Obsession rievoca le suggestioni e le ispirazioni celate dietro le figure della collezione Schläppi modellata dallo scultore Lorenzo Piemonti, riproponendo i tratti di Schläppi Loisir, una delle più indecifrabili e singolari linee di archivio. Emma Davidge, Creative Director di Chameleon Visual, ha riconosciuto e raccolto questo dna e lo ha arricchito della forza magnetica di icone come Pat Cleveland, Jerry Hall, Grace Jones, Diana Ross.
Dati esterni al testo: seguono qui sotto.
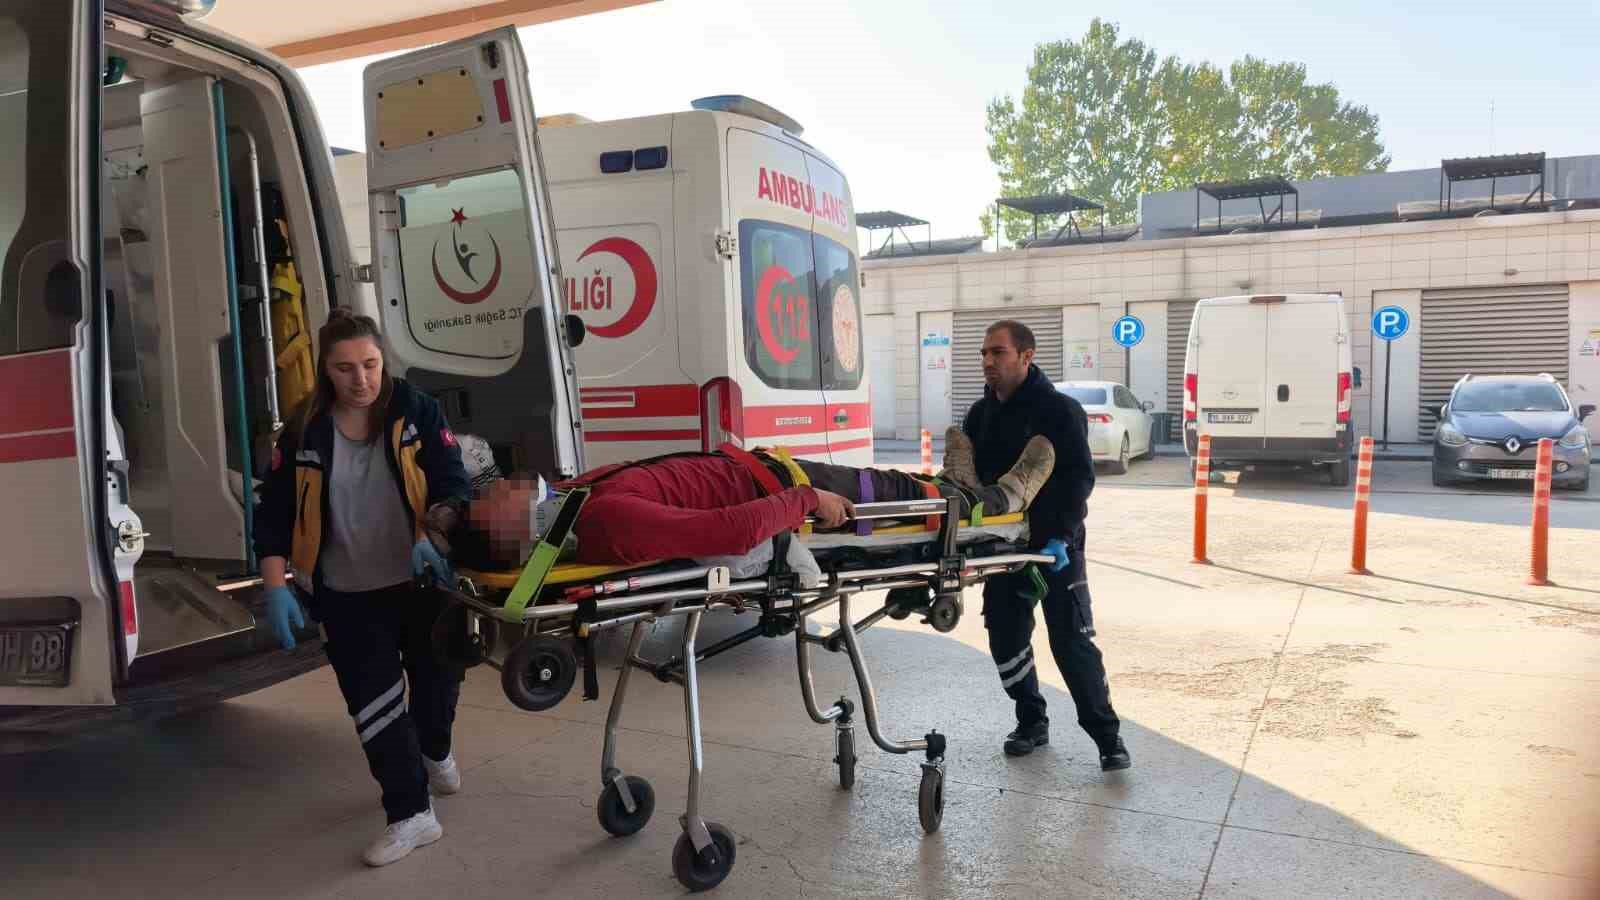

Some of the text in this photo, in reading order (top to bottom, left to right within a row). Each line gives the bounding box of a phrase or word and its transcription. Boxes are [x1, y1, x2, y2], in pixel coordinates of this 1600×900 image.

Quattro regine, protagoniste di una stagione estetica – quella degli Anni ’70 – che hanno definito nuovi criteri e modelli.

Andrea e Guido Bonaveri

Obsession rappresenta un manichino capace di dominare il palcoscenico, di rendere l’abito il centro dei desideri, di attrarre magneticamente lo sguardo. Alla vitalità delle pose e all’energia degli atteggiamenti si abbina una ricchezza di colori e toni che rende omaggio alla bellezza della diversità, al multiculturalismo, alla contaminazione tra nuances. Anziché utilizzare delle parrucche Emma Davidge ha scelto di impiegare delle piume per costruire il corredo estetico dei manichini. Per la prima presentazione di Obsession sono stati scelti abiti Haute Couture di Jason Wu: capi nei quali il rapporto tra volume, colori e silhouette trova una perfetta corrispondenza, in una naturale esaltazione del senso più profondo di questa nuova collezione.